SONE

Posted on Jan 13

GraphDB for CMDB

#graphdb #postgressql #python #cmdb

1. Purpose

Comparing search speed between GraphDB and RDB in some scenarios.

2. Overview

I compared search speed of GraphDB and RDB for data which expresses the spine-leaf architecture.
I found that dataset which has a lot of nodes and depth above a certain level is suitable for GraphDB.

3. Introduction

Recently I became interest in GraphDB.
In paticular, I'm interested in applying GraphDB to managing configuration management database(CMDB) of IT systems.
In this post, I confirmed the gap between GraphDB and RDB from the perspective of performance.

4. Assumption

Environment

I selected Neo4j as GraphDB, and PostgreSQL as RDB.
I constructed the test environment with docker containers.
The definition of containers is as follows.

version: '3'
services:
  postgres:
    image: postgres:15
    ports:
      - 5433:5432
    environment:
      POSTGRES_USER: postgres
      POSTGRES_PASSWORD: postgres
      POSTGRES_DB: postgres
  neo4j:
    image: neo4j:5.26.0
    ports:
      - 7474:7474
      - 7687:7687
  adminer:
    image: adminer
    restart: always
    ports:
      - 8080:8080

Target Architecture

I prepared three scenarios for comparison.
These scenarios are based on the architecture which consists of spine-leaf network architecture and virtualization environments.
Diagrams of the architectures are as follows.

Scenario1

Scenario1 is so simple.
The total number of nodes is 19, and the depth is 4.

Scenario2

Scenario2 is more complex than scenario1.
The number of servers is six times as much as scenario1.
And also, connections between leaf switches and servers are full mesh.
Each server has two virtual machines, and each service is running on three virtual machines which belong to each different leaf switches.
The total number of nodes is 273, and the depth is 4.

Scenario3

Scenario3 is deeper than scenario2.
Each virtual machine has a pod, and each service is running on three pods which belong to each different leaf pairs.
The total number of nodes is 417, and the depth is 5.

Data Schema Definition

Neo4j(GraphDB)

I defined each node which has just its node name.
Relations between nodes are defined as edges, and I defined two types of edge.
One is has_parent which is the edge from the child node to its parent node, another is has_child which is the edge from the parent node to its child node.
In the case of scenario1, I defined data about spine and leaf swiches as follows.

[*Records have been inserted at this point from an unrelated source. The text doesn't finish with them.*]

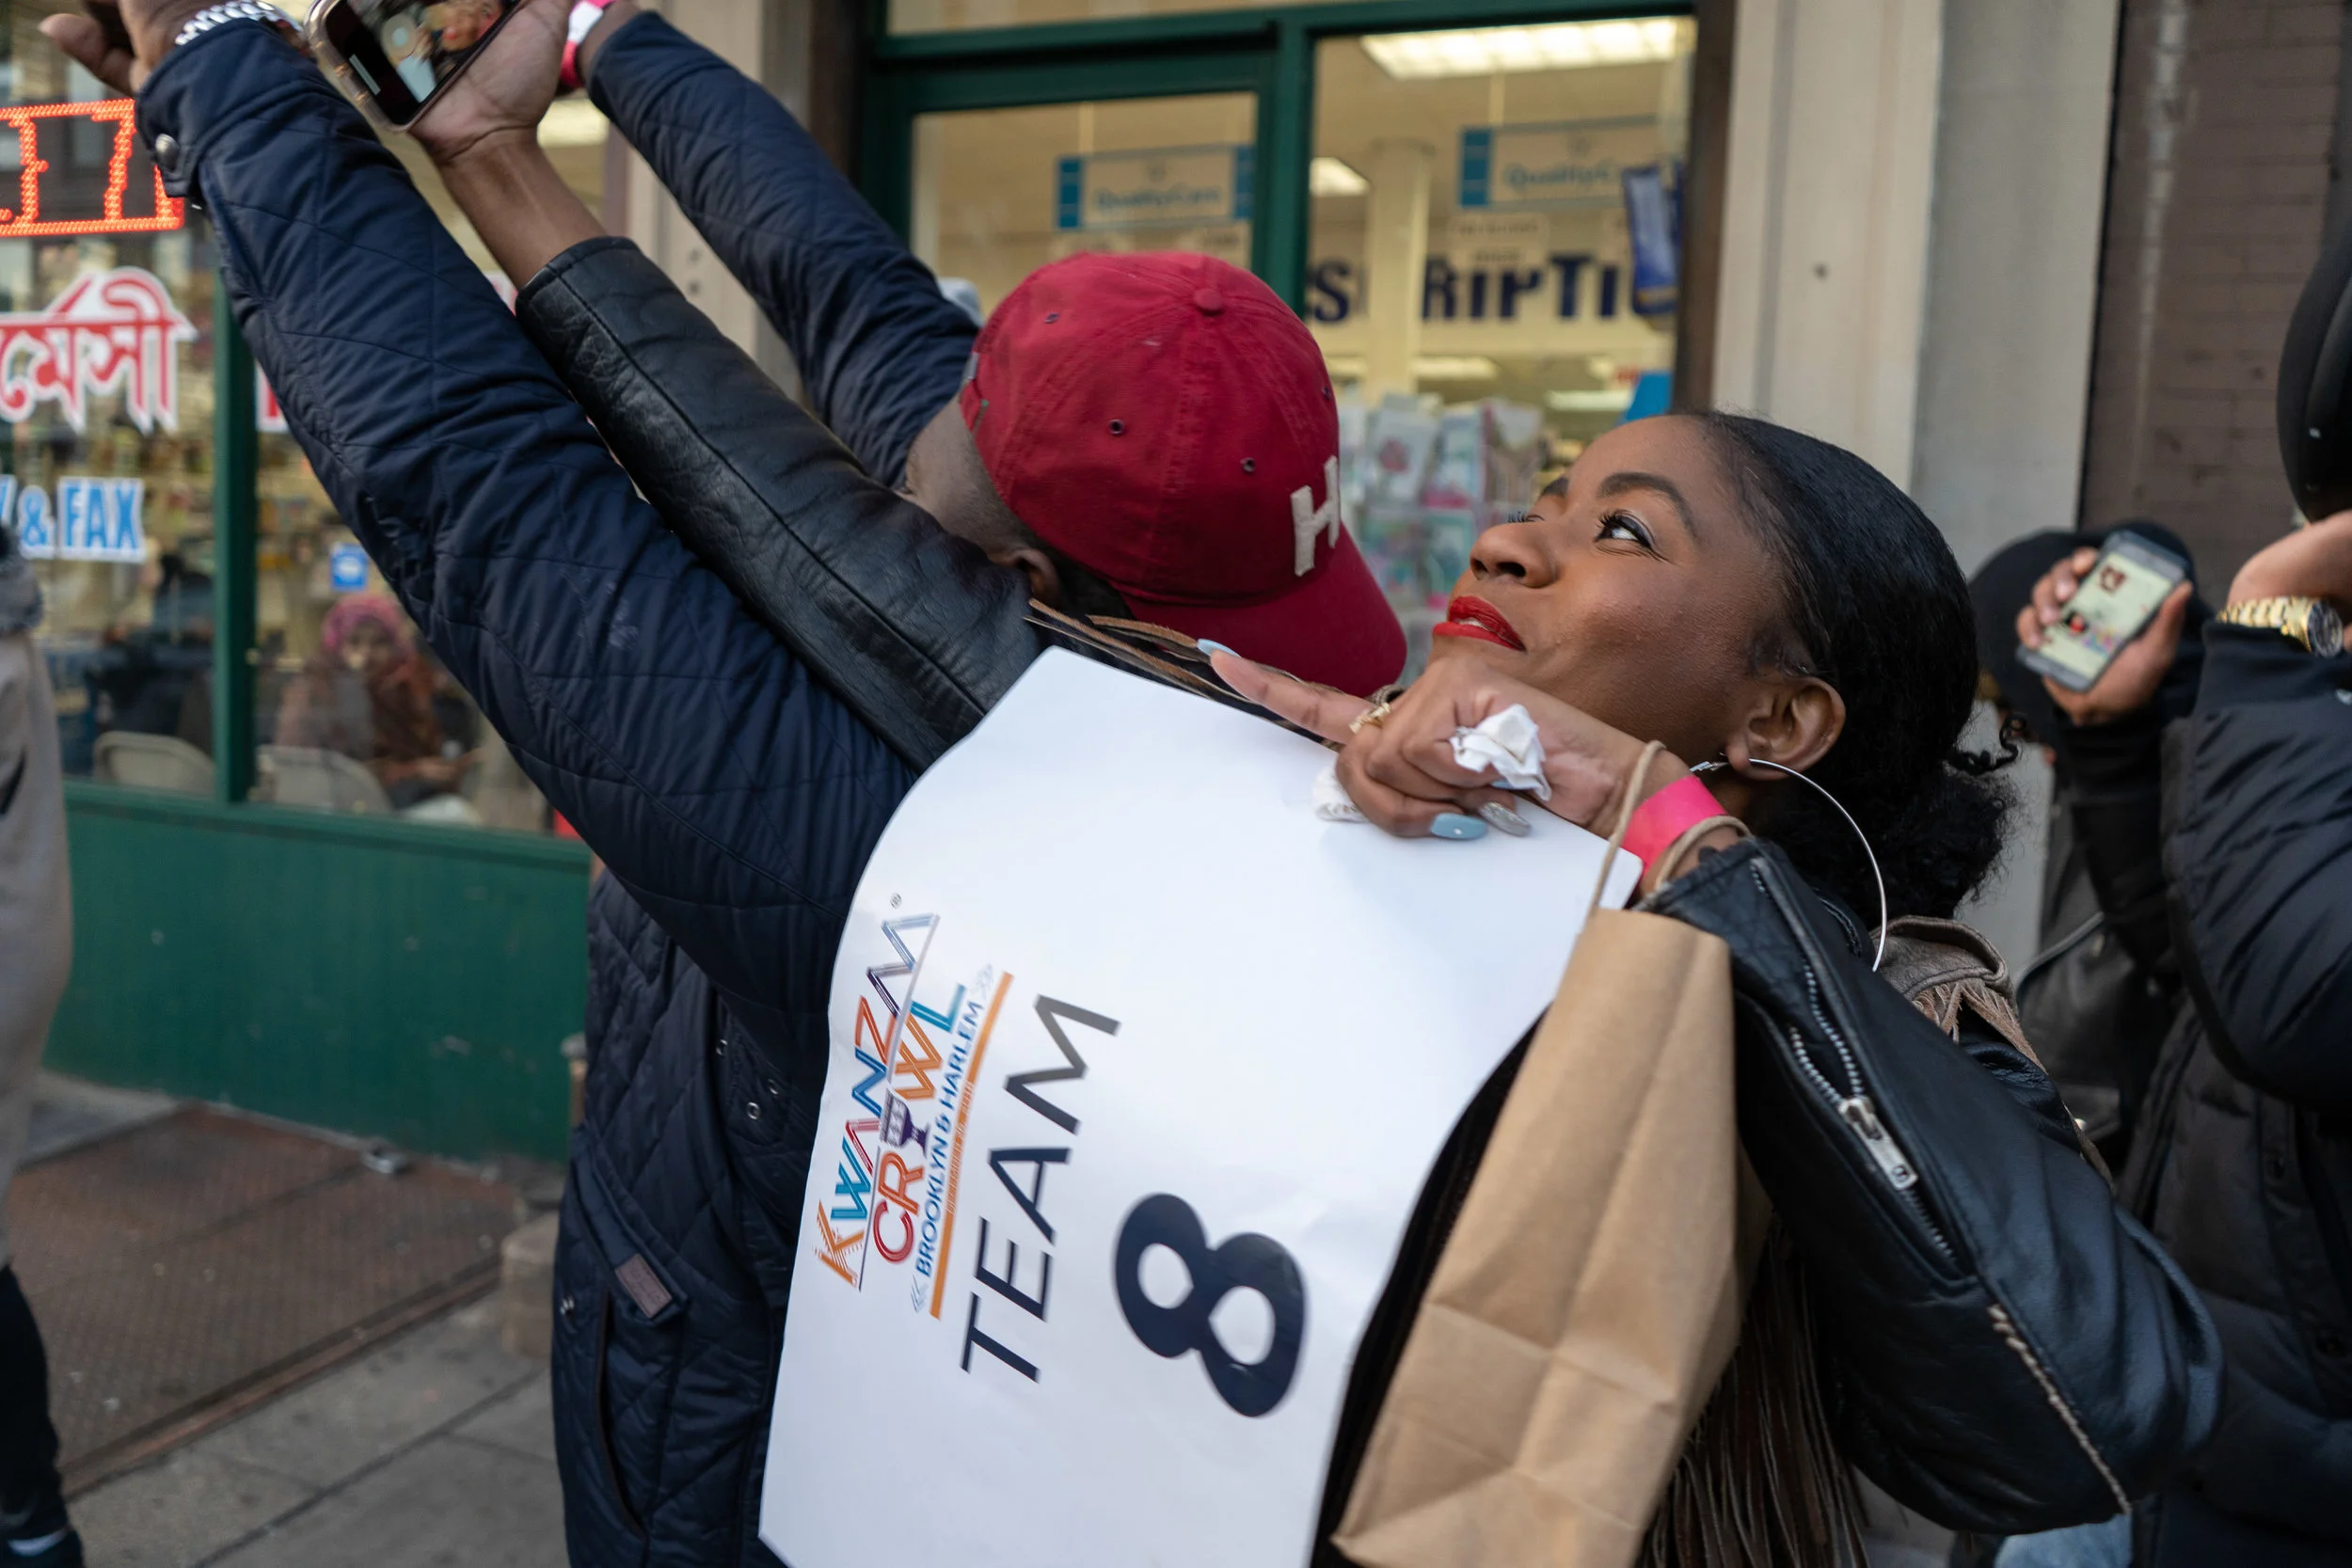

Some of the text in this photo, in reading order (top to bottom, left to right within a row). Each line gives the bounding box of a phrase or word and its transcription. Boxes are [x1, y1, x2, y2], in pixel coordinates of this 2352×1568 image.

[23, 499, 51, 544] &
[63, 485, 137, 551] FAX
[1290, 454, 1341, 577] H
[915, 1001, 985, 1278] BROOKLYN & HARLEM
[960, 993, 1121, 1384] TEAM
[1113, 1193, 1309, 1418] 8
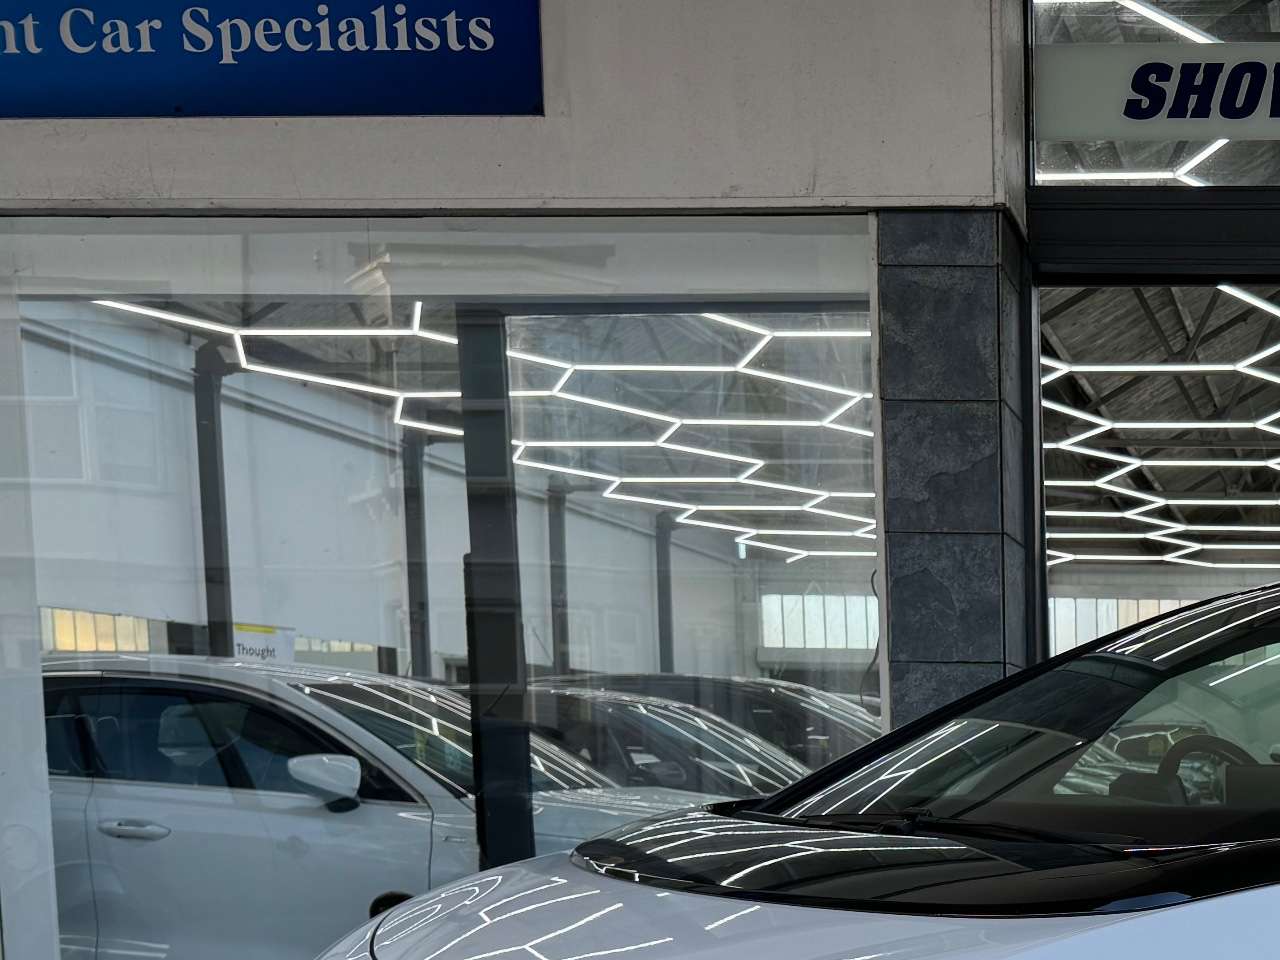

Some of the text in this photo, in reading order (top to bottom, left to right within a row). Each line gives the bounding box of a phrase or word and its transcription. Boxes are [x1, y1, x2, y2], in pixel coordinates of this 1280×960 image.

[59, 7, 163, 54] Car
[181, 4, 496, 65] Specialists
[236, 642, 277, 661] Thought

CREATE (ssw1: SpineSwitch {name: "ssw1"})
CREATE (ssw2: SpineSwitch {name: "ssw2"})
CREATE (ssw3: SpineSwitch {name: "ssw3"})
CREATE (lsw1: LeafSwitch {name: "lsw1"})
CREATE (lsw2: LeafSwitch {name: "lsw2"})
CREATE (lsw3: LeafSwitch {name: "lsw3"})
CREATE (lsw4: LeafSwitch {name: "lsw4"})
CREATE (ssw1)-[:has_child]->(lsw1)
CREATE (ssw1)-[:has_child]->(lsw2)
CREATE (ssw1)-[:has_child]->(lsw3)
CREATE (ssw1)-[:has_child]->(lsw4)
CREATE (ssw2)-[:has_child]->(lsw1)
CREATE (ssw2)-[:has_child]->(lsw2)
CREATE (ssw2)-[:has_child]->(lsw3)
CREATE (ssw2)-[:has_child]->(lsw4)
CREATE (ssw3)-[:has_child]->(lsw1)
CREATE (ssw3)-[:has_child]->(lsw2)
CREATE (ssw3)-[:has_child]->(lsw3)
CREATE (ssw3)-[:has_child]->(lsw4)
CREATE (lsw1)-[:has_child]->(sv1)
CREATE (lsw2)-[:has_child]->(sv2)
CREATE (lsw3)-[:has_child]->(sv3)
CREATE (lsw4)-[:has_child]->(sv4);

PostgreSQL(RDB)

I defined two tables.
One is nodes table which store each node data, another is relationships table which store relation data between nodes.

CREATE TABLE nodes (
    id SERIAL PRIMARY KEY,
    name VARCHAR(255) NOT NULL UNIQUE,
    type VARCHAR(50) NOT NULL
);

CREATE TABLE relationships (
    id SERIAL PRIMARY KEY,
    parent_id INT NOT NULL,
    child_id INT NOT NULL,
    relationship_type VARCHAR(50) NOT NULL,
    FOREIGN KEY (parent_id) REFERENCES nodes (id),
    FOREIGN KEY (child_id) REFERENCES nodes (id)
);

Search Query

I used the query for searching paths from service1 to spine switches both of which exist in the end of architecture in order to compare search speed.
I measured each of search speed by using following scripts.

Script for Neo4j(GraphDB)

from neo4j import GraphDatabase
import time

driver = GraphDatabase.driver("bolt://localhost:7687", auth=("neo4j", "neo4j"))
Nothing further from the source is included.